I post the same thing in every thread on this and here goes...

Between the ages of about 18 months and shy of 2.5 the harness was a joy and a lifesaver for my son and I. I live in a city where some areas have narrow sidewalks next to busy streets, where we frequently went to festivals and zoos and other crowded and exciting places, and we were on the go a lot.

Holding hands for a prolonged period of time was uncomfortable for both of us (at least it was for me and after holding my hand over my head for 10 min I assume it was for him) and would produce the limp-noodle drop and scream. He had a need to gogogo and not be in the stroller or the Ergo or a hip-carry in the sling all the time.

Also my son was a dasher and is deaf when anything else is Really Interesting! I honestly believe that at that age (and still sometimes) he could not both be exploring the butterflies AND be hearing what people around him were saying.

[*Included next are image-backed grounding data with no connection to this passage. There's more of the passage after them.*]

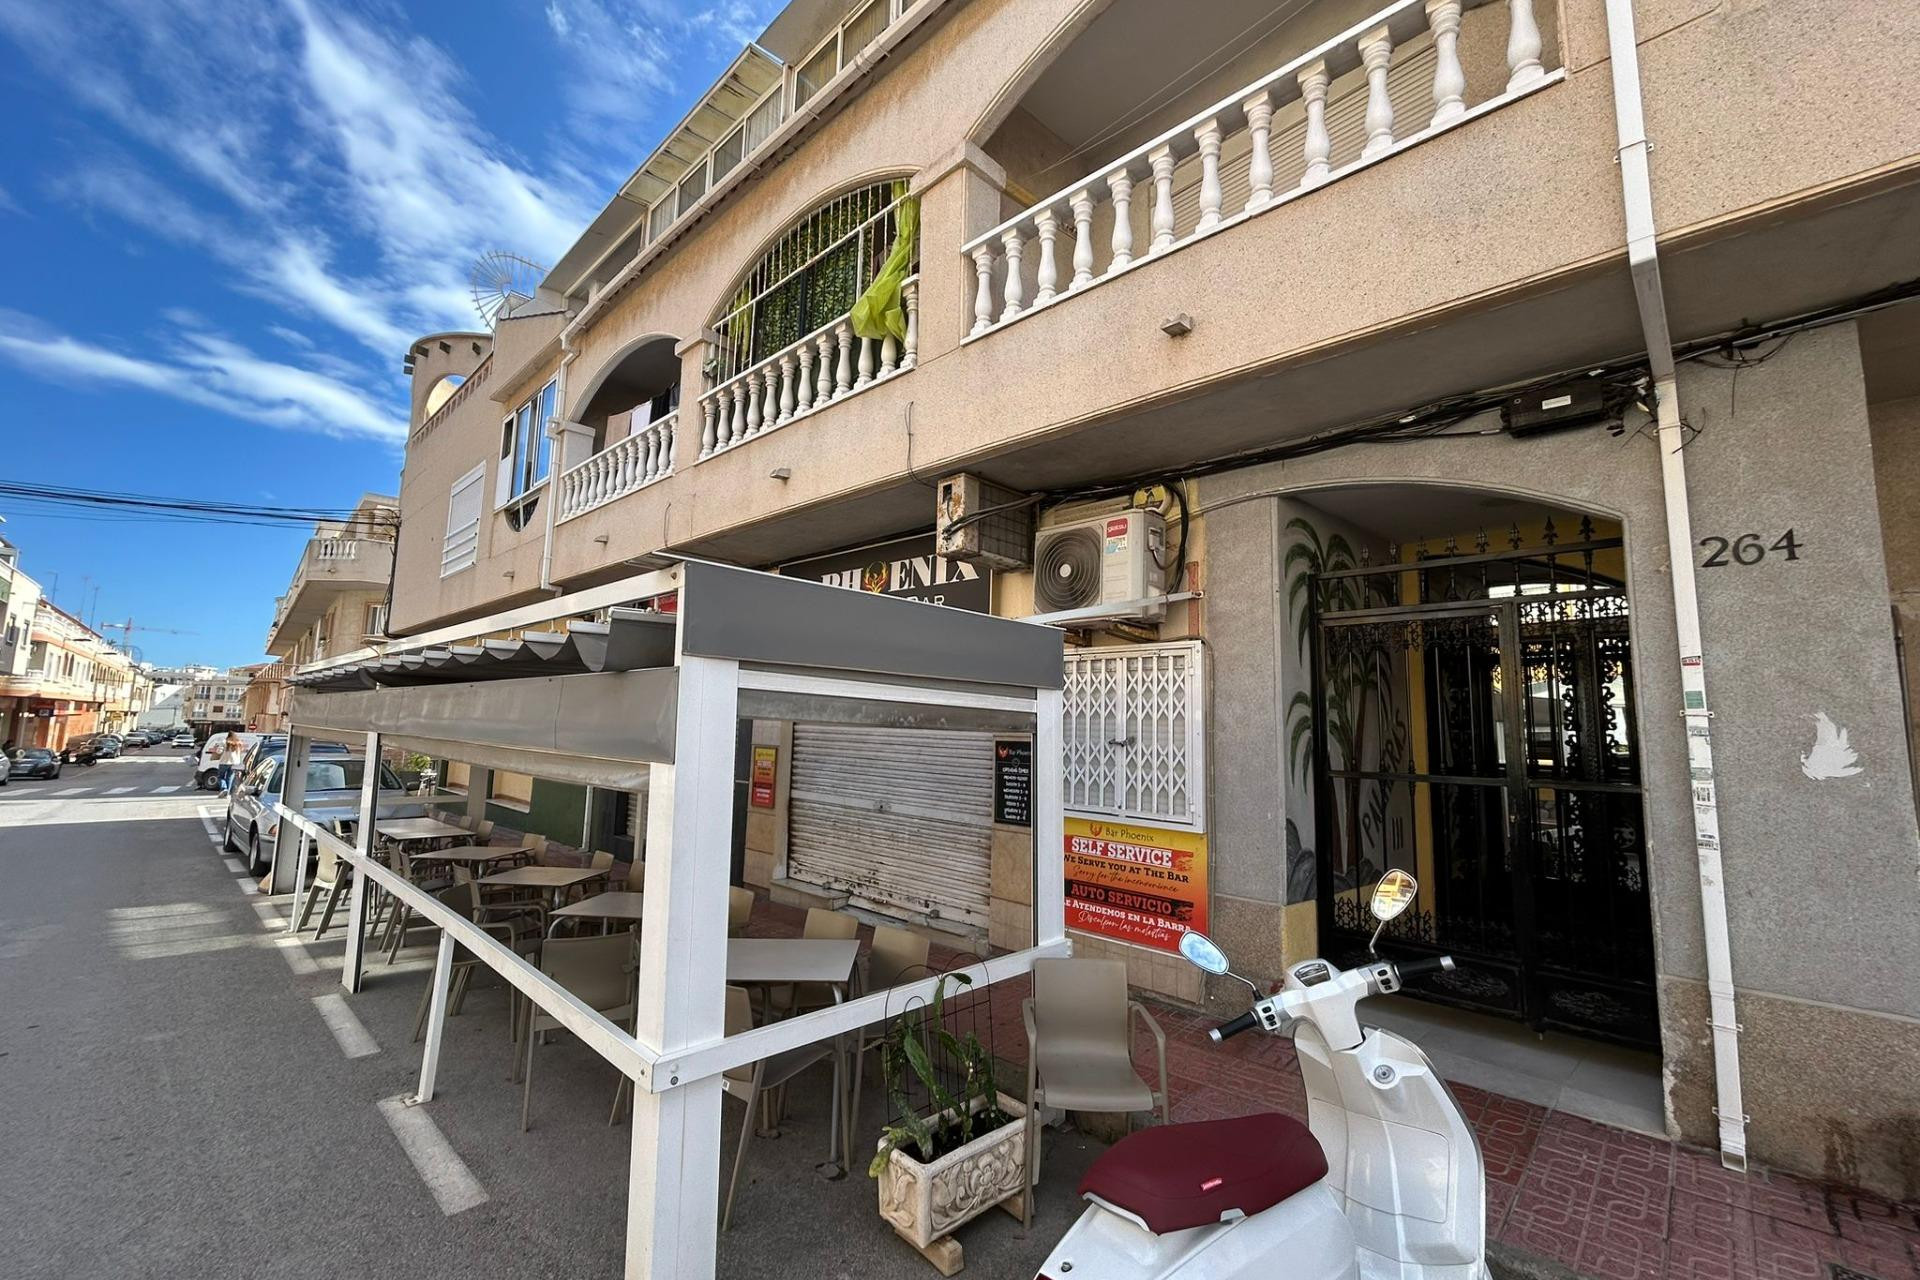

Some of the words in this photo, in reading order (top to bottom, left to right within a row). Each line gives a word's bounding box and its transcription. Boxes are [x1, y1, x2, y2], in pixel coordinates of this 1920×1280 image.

[1700, 528, 1804, 568] 264
[1105, 826, 1119, 837] Bar
[1120, 827, 1154, 842] Phoenix
[1071, 837, 1105, 856] SELF
[1107, 843, 1173, 868] SERVICE
[1077, 856, 1106, 868] SERVE
[1108, 862, 1127, 872] YOU
[1128, 866, 1141, 875] AT
[1167, 870, 1189, 883] BAR
[1071, 883, 1105, 901] AUTO
[1107, 890, 1172, 914] SERVICIO
[1072, 899, 1126, 919] ATENDEMOS
[1127, 913, 1140, 922] EN
[1142, 916, 1155, 926] LA

The harness gave me the security to continue to go out and do things with him all over, and it gave him the room to explore things at his level with both hands. I mostly followed him with it, but a few times he dashed and it was helpful. Also I could often keep him from falling over.







I have amazingly fond memories of us going about the city at that time without tons of power struggles and in a relaxed and connected way.

We also did all the other things that families do to encourage safety - played red light green light, held hands in parking lots, ran madly about in safe parks, etc.


----------



## Ruthla (Jun 2, 2004)

Harnesses are a tool. As with all things, they can be over used or misused by "bad parents." They are extremely helpful if you have a "runner," or if you have a "normal toddler" but you can't chase her because you're 9 months pg (when I bought it for DD1.)

Kids have more freedom walking alongside Mom in the harness than they do if they have to keep on holding a sweaty hand, or be confined to a sling or stroller all the time. All of my kids went through a phase where the harness was useful- for each of them it lasted a month or two. Other kids, with different personalities, might need this for longer- even throughout the toddler years.


----------



## Drummer's Wife (Jun 5, 2005)

Quote:


Originally Posted by *Storm Bride* 
Whoo-Hoo...we were due for a new harness thread!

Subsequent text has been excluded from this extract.